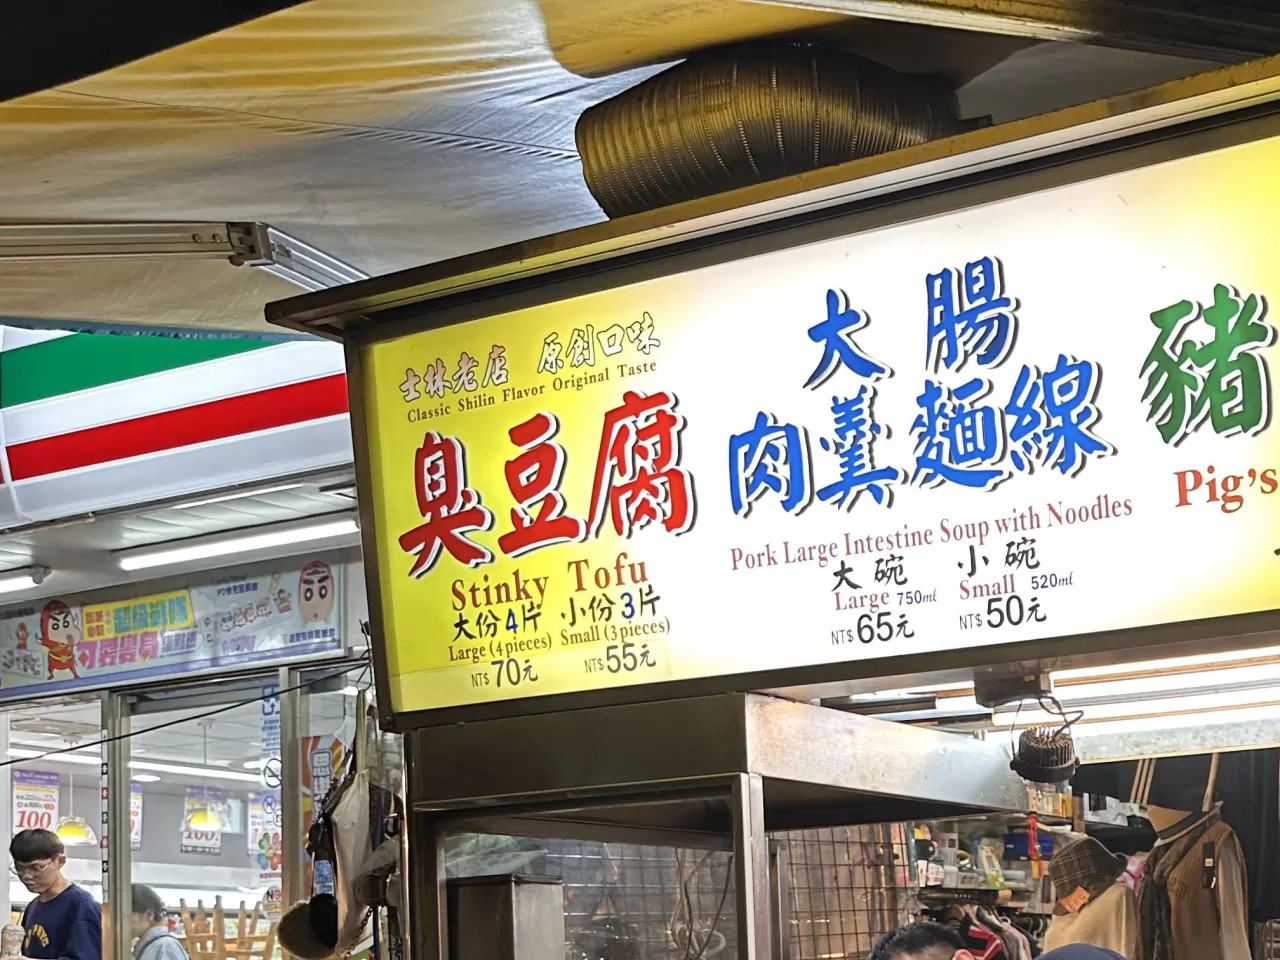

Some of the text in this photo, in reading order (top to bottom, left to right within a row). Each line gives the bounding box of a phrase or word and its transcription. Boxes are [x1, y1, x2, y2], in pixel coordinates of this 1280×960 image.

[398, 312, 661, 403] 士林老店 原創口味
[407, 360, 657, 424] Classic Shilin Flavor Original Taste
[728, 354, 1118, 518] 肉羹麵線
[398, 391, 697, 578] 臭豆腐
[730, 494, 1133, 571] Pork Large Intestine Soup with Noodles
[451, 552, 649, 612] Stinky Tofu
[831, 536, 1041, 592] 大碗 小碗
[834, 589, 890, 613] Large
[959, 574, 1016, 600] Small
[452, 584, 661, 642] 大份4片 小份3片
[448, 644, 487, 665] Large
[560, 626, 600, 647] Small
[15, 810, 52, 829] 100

━━━

→ ASSIGNMENT: Only the pictures should be left out; the rest of the material above must be repeated exactly.

→ RESULT OF THE EXERCISE:
Some of the text in this photo, in reading order (top to bottom, left to right within a row). Each line gives the bounding box of a phrase or word and its transcription. Boxes are [x1, y1, x2, y2], in pixel coordinates of this 1280×960 image.

[398, 312, 661, 403] 士林老店 原創口味
[407, 360, 657, 424] Classic Shilin Flavor Original Taste
[728, 354, 1118, 518] 肉羹麵線
[398, 391, 697, 578] 臭豆腐
[730, 494, 1133, 571] Pork Large Intestine Soup with Noodles
[451, 552, 649, 612] Stinky Tofu
[831, 536, 1041, 592] 大碗 小碗
[834, 589, 890, 613] Large
[959, 574, 1016, 600] Small
[452, 584, 661, 642] 大份4片 小份3片
[448, 644, 487, 665] Large
[560, 626, 600, 647] Small
[15, 810, 52, 829] 100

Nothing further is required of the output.